[Stored data entries]
□ □ □ □ □ □ □

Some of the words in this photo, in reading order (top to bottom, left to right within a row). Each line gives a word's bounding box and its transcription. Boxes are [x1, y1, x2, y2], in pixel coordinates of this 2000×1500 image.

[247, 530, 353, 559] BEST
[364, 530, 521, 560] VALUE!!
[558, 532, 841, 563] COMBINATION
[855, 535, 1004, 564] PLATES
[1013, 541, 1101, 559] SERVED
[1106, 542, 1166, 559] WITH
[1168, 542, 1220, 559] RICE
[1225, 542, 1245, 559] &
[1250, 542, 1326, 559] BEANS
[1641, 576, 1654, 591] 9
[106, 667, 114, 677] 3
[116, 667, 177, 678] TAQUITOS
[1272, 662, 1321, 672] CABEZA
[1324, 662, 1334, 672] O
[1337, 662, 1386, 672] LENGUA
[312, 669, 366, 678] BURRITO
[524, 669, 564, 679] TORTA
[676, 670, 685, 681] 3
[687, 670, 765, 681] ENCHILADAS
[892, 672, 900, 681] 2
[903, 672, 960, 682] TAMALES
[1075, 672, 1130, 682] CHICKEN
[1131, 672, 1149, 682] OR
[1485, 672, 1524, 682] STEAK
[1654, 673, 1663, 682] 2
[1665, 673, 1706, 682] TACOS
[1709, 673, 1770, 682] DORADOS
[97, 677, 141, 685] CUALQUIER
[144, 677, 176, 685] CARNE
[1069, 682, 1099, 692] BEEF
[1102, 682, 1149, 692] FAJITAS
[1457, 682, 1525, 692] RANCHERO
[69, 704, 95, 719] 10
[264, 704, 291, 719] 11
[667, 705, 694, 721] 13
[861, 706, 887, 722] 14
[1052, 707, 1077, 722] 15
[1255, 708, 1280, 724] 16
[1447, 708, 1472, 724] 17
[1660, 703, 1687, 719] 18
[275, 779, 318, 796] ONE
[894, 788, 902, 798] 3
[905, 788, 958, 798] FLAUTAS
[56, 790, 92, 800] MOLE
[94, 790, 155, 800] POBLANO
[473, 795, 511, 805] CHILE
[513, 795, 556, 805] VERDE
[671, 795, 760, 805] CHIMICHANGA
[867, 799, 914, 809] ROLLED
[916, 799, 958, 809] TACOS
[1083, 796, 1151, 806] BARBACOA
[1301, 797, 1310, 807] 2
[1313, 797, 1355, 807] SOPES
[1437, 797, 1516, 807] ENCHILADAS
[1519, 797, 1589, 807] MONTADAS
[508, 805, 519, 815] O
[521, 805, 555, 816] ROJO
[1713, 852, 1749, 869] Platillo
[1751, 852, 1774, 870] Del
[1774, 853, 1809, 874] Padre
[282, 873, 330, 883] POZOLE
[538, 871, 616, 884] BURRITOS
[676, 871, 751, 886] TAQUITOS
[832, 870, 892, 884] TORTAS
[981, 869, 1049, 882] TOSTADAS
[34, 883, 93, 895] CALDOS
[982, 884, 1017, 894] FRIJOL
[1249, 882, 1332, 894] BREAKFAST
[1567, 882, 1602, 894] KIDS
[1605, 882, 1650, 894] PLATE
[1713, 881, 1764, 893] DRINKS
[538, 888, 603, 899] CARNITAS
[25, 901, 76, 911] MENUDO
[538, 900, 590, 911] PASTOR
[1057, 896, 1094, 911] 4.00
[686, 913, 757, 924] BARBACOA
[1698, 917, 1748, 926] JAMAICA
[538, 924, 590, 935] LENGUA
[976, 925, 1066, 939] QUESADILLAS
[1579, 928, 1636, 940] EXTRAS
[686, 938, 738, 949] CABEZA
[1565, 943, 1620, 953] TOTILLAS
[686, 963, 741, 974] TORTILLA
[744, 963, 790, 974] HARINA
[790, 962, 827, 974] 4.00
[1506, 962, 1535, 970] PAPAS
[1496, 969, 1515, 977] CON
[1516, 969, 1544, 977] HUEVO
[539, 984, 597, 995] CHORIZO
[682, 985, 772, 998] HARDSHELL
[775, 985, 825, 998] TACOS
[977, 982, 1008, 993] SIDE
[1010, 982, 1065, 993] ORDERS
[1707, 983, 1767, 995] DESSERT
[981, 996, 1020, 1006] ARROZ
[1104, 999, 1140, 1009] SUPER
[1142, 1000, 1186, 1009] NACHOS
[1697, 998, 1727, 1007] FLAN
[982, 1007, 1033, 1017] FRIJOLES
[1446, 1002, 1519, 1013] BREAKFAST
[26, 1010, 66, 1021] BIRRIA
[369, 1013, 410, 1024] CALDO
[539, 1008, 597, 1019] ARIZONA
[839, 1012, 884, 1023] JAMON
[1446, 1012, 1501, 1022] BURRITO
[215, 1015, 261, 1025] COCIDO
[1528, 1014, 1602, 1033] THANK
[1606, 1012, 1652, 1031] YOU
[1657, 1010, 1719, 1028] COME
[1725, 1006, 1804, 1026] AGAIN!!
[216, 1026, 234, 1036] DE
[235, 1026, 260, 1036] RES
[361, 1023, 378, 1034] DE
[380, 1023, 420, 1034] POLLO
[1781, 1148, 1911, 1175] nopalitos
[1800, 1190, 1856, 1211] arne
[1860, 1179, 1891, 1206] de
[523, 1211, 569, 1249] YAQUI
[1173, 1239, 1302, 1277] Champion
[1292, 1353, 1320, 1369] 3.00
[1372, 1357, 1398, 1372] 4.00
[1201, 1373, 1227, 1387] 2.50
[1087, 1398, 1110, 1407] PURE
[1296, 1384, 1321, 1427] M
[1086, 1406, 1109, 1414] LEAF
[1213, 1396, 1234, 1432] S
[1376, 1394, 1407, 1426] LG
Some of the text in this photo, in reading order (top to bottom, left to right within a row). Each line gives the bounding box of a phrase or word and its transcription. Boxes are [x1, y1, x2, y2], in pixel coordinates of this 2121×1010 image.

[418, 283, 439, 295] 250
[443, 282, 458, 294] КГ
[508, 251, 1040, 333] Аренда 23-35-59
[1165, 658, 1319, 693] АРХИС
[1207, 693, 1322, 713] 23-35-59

□ □ □ □ □ □ □

Exercise description →
Nothing but the lines from the line that contains "Some of the text" to the last line of the records above should appear in the answer; please copy them exactly.

Expected answer →
Some of the text in this photo, in reading order (top to bottom, left to right within a row). Each line gives the bounding box of a phrase or word and its transcription. Boxes are [x1, y1, x2, y2], in pixel coordinates of this 2121×1010 image.

[418, 283, 439, 295] 250
[443, 282, 458, 294] КГ
[508, 251, 1040, 333] Аренда 23-35-59
[1165, 658, 1319, 693] АРХИС
[1207, 693, 1322, 713] 23-35-59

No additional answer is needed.